Dependable Computing Systems Lab

 

The DCS Lab, directed by Dr. Song Fu, aims to explore in-depth understanding of reliability, availability, and performance in distributed and cloud computing systems, and develop innovative system technologies. The research has been supported in part by funding from the National Science Foundation, and Los Alamos National Laboratory.


 People

Director:  Dr. Song Fu

PhD candidates:  Ziming Zhang,  Qiang Guan

Undergraduate research students:  Oluwaseun Adeyemi, Chi-Chen Chiu

Research Topics

System Reliability and Availability, Dependable Computing, Self-Managing and Reconfigurable System, Virtual Machines, Cloud Computing, Distributed Systems and Networking, Power Management, and Performance Evaluation.

Research Grants

  • NSF, “CSR: Failure-Aware Monitoring and Management of Online Availability and Performance for Dependable Computing Clusters”, 9/2009-8/2012 (PI)

  • Amazon, “Advanced Distributed Computing on Amazon EC2 Cloud”, 4/2012-3/2013 (PI)

  • LANL, “An Infrastructure to Support Research on Dependable High-Productivity Cluster Systems”, 11/2008-9/2009 (PI)

  • Xilinx Inc., Reconfigurable Computing on FPGAs, 10/2010-9/2011 (PI)

  • UNT, RIG: Autonomic Anomaly Identification for Developing Highly Dependable Cloud Computing Systems, 2/2012-1/2013 (PI)

  • UNT, “ROP: Developing High-Productivity and Green Resource Management Systems in Cloud Computing”, 9/2011-8/2012 (PI)

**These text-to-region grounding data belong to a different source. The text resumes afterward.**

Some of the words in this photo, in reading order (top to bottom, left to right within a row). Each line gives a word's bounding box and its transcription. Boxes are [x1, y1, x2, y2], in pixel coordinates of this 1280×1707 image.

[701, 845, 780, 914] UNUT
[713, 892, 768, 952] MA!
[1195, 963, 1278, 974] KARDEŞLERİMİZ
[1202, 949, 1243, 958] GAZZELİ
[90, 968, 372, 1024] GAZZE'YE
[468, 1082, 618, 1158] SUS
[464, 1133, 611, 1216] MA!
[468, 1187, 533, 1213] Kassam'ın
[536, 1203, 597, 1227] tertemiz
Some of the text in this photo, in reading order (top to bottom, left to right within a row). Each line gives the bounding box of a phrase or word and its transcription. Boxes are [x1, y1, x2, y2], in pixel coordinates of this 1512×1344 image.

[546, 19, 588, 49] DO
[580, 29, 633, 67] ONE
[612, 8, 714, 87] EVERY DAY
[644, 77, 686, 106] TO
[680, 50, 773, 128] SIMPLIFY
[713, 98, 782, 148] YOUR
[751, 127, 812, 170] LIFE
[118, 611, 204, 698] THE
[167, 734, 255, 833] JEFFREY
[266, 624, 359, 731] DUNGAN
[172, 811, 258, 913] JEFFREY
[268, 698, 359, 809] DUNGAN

  • UNT, “RIG: Explore Failure Prediction for Proactive Resource Management in Highly Dependable Systems”, 1/2011-12/2011 (PI)

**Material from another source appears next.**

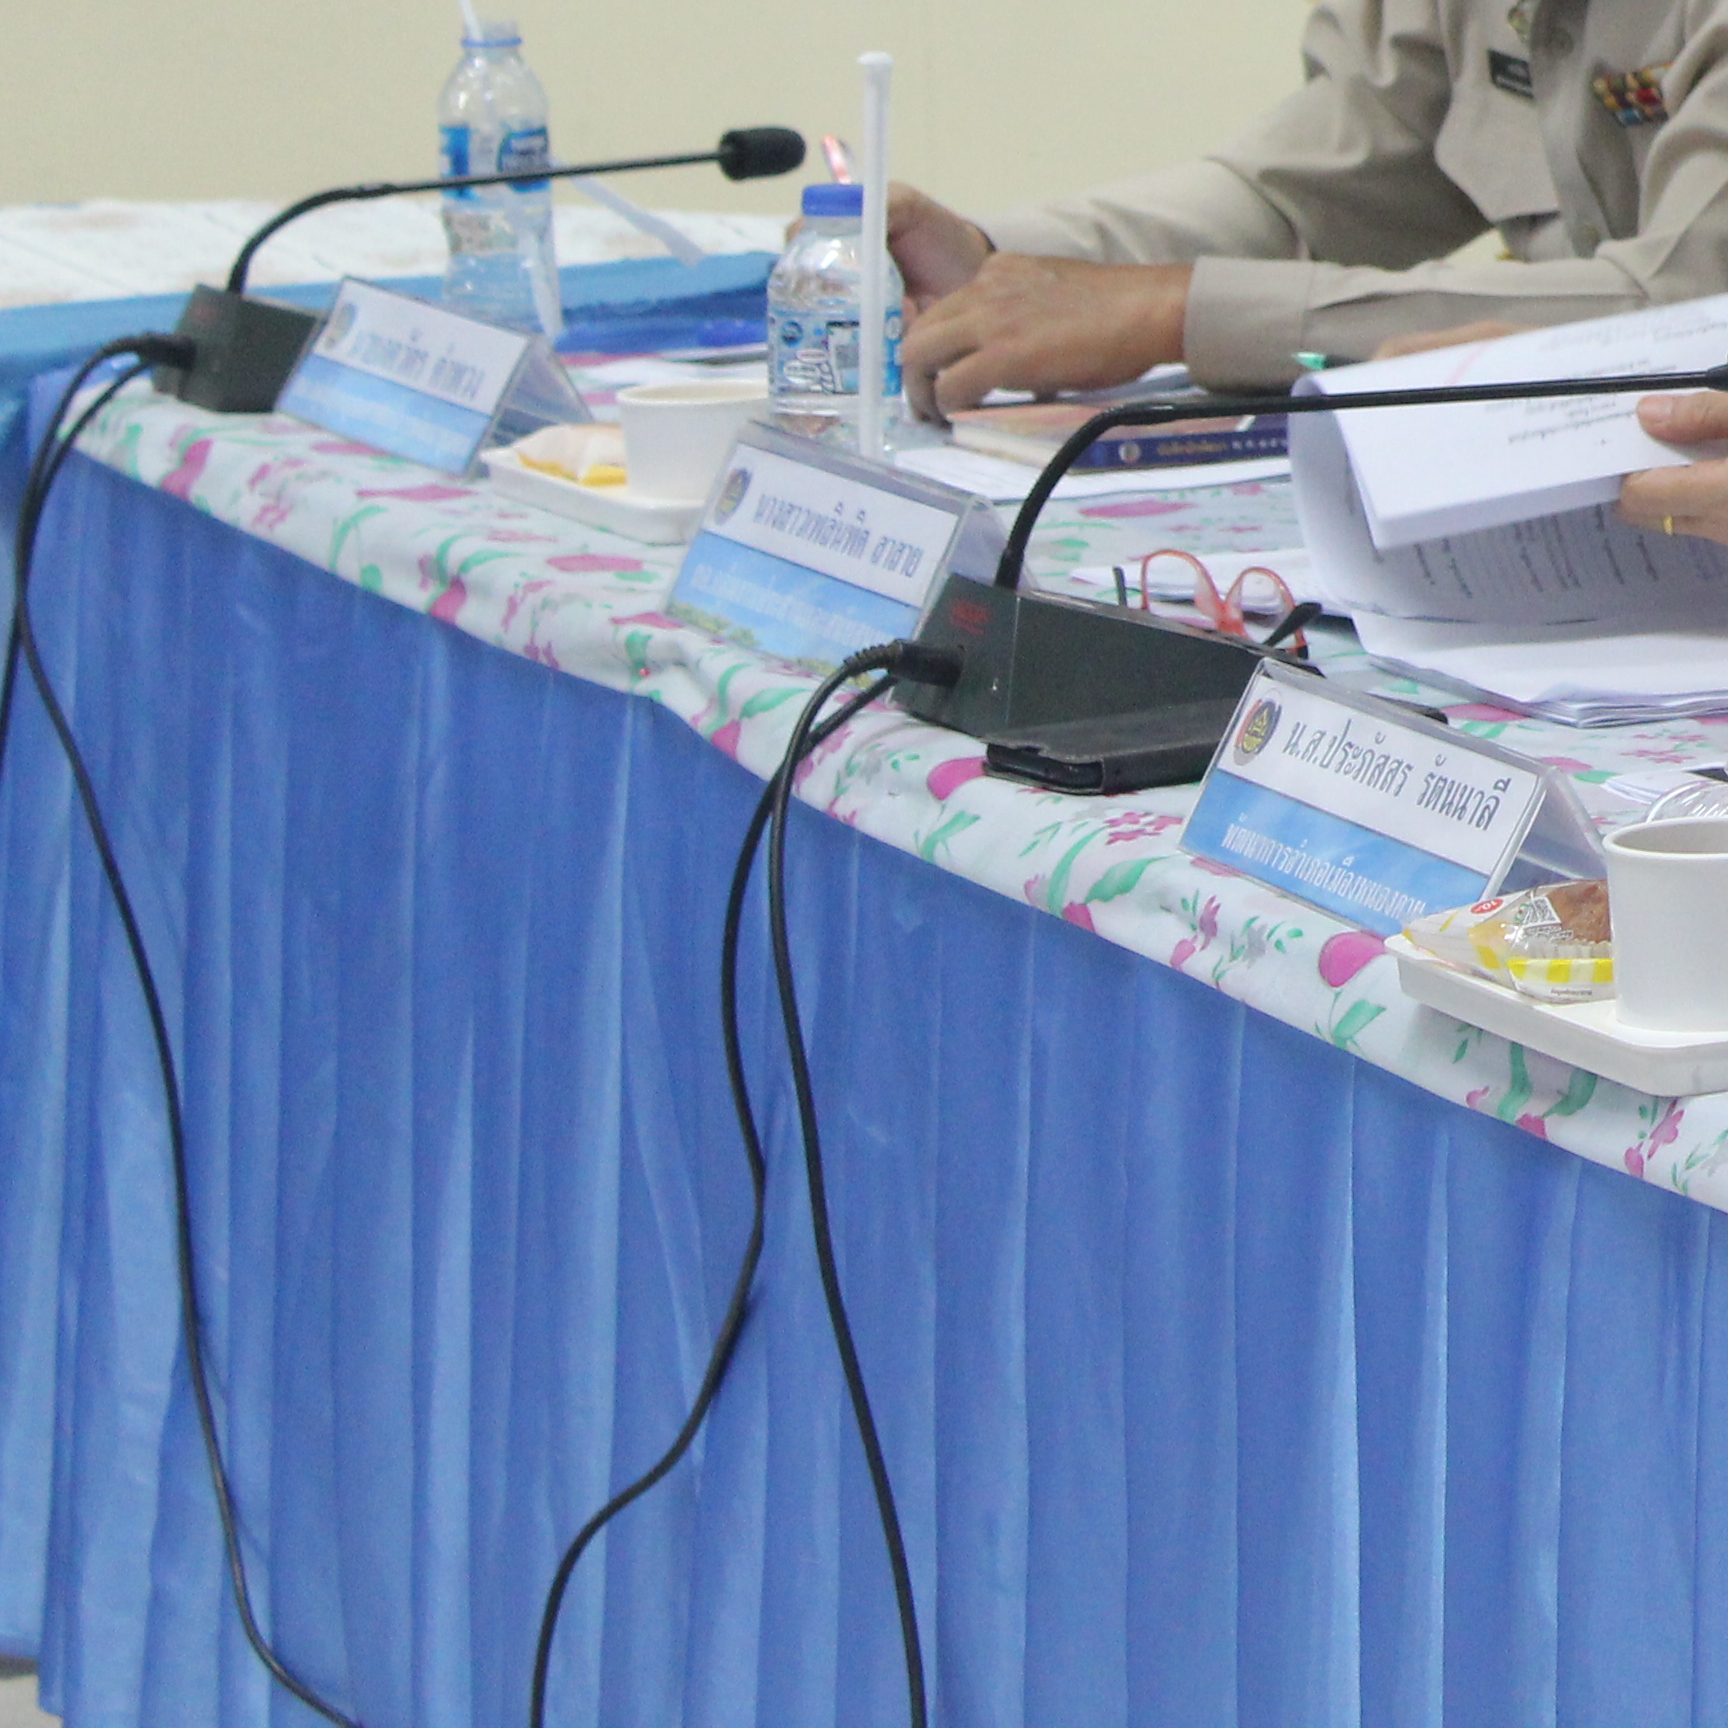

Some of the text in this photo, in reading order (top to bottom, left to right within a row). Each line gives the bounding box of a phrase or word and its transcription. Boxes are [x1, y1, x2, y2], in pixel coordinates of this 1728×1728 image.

[1282, 719, 1512, 832] น.ส.ประภัสสร รัตนนาลี

  • NMT, “Failure-Aware Resource Management for High-Availability Computing with Reconfigurable Distributed Virtual Machines“,1/2010-12/2010 (PI)

Projects

  • Failure-aware resource management for high-availability computing in networked computer systems

In large-scale networked computer systems, component failures become norms instead of exceptions. Failure prediction is a crucial technique for self-managing resource burdens. In this project, we are exploring the proactive failure management techniques to enhance the system availability. As a long-term objective, we are to develop a self-managing system which is capable of predicting, detecting, and recovering from failures automatically. To characterize failure dynamics, we propose theoretical models to quantify the temporal and spatial correlation among failure events. We cluster failure events based on their correlations and predict their future occurrences. We implemented a failure prediction framework, called PREdictor of Failure Events Correlated Temporal-Spatially (hPREFECTS). We evaluated the performance of hPREFECTS in both offline prediction of failures by using the Los Alamos HPC traces and online prediction in a production computational grid. By exploring failure prediction techniques, we are developing failure-aware resource management mechanisms to construct resilient computing systems with dependability assurance.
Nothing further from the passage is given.